For the records that follow, restate each one word for word and leave the images behind.

============

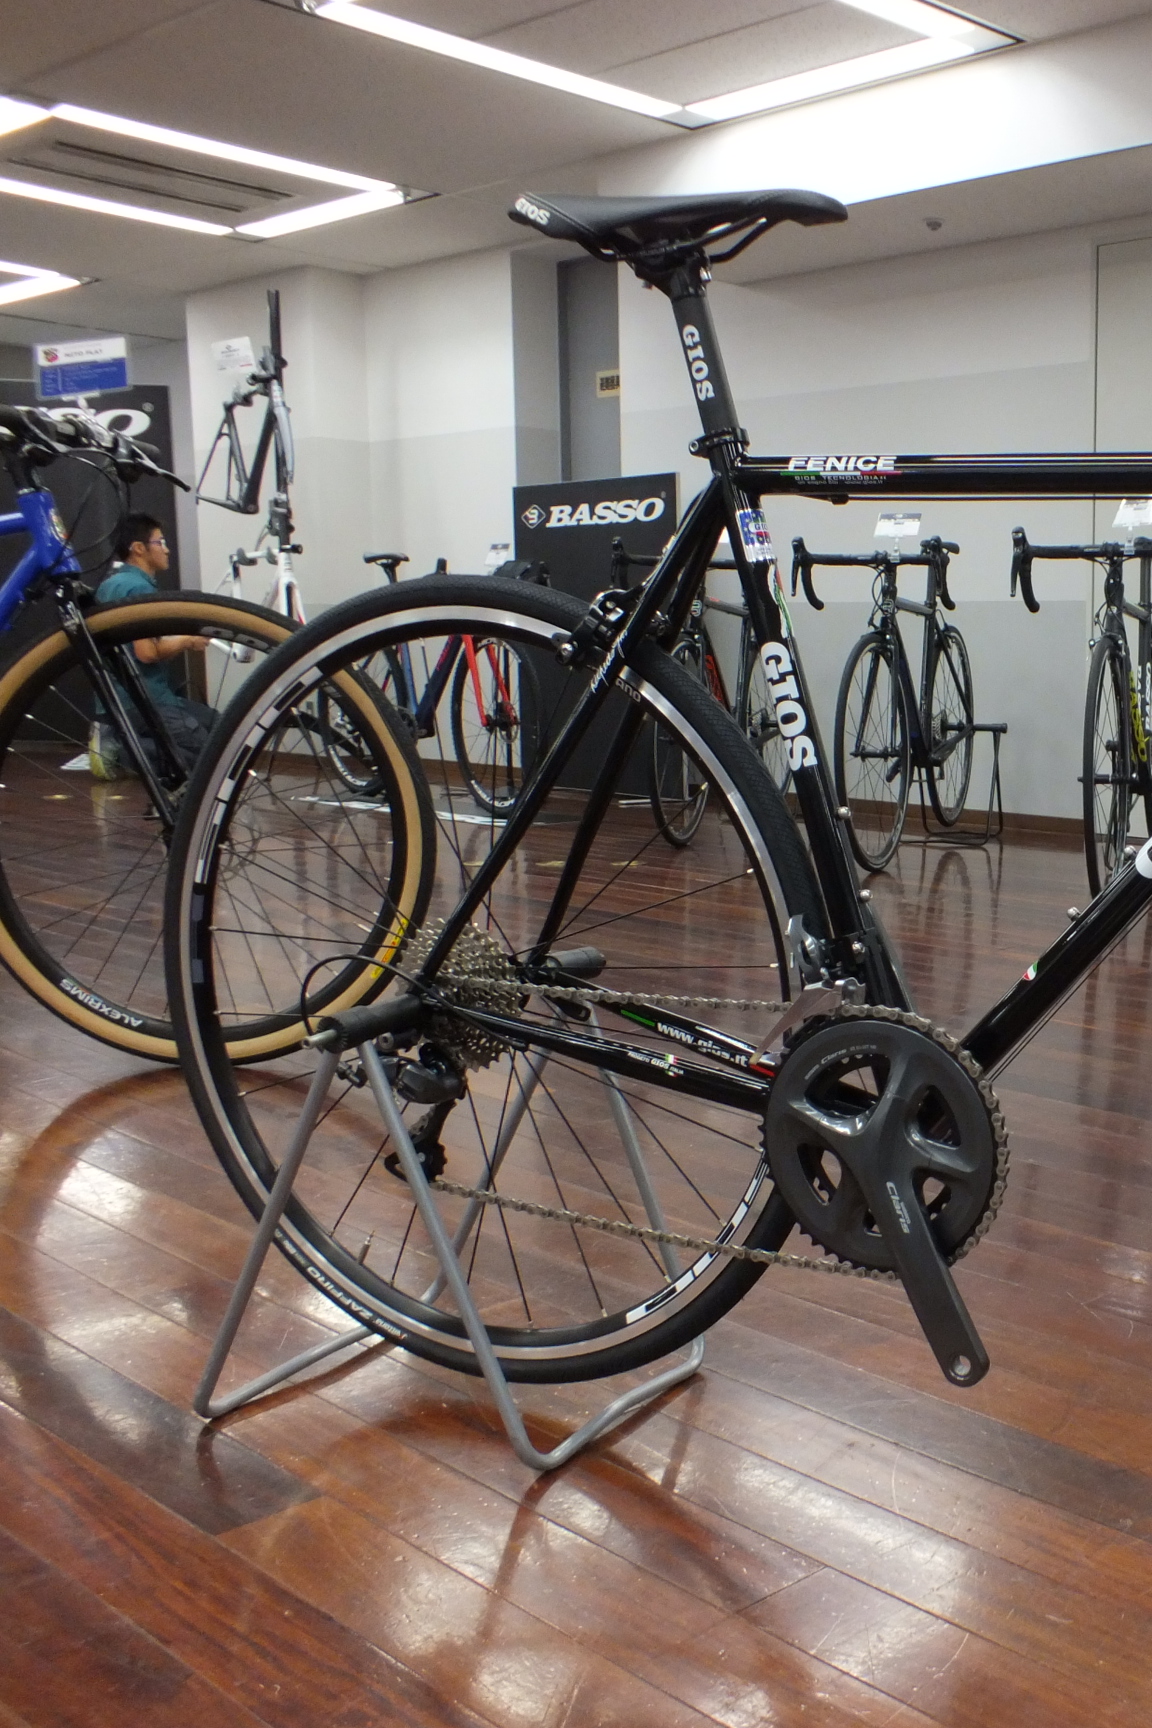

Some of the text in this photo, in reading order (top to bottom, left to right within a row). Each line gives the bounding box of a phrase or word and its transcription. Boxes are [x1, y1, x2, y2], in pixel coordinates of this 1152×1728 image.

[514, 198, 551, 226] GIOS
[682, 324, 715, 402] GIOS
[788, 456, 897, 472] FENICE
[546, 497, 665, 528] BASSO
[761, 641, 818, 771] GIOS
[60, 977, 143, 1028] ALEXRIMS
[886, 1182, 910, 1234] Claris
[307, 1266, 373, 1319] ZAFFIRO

============

**Response area:**
Some of the text in this photo, in reading order (top to bottom, left to right within a row). Each line gives the bounding box of a phrase or word and its transcription. Boxes are [x1, y1, x2, y2], in pixel coordinates of this 1152×1728 image.

[514, 198, 551, 226] GIOS
[682, 324, 715, 402] GIOS
[788, 456, 897, 472] FENICE
[546, 497, 665, 528] BASSO
[761, 641, 818, 771] GIOS
[60, 977, 143, 1028] ALEXRIMS
[886, 1182, 910, 1234] Claris
[307, 1266, 373, 1319] ZAFFIRO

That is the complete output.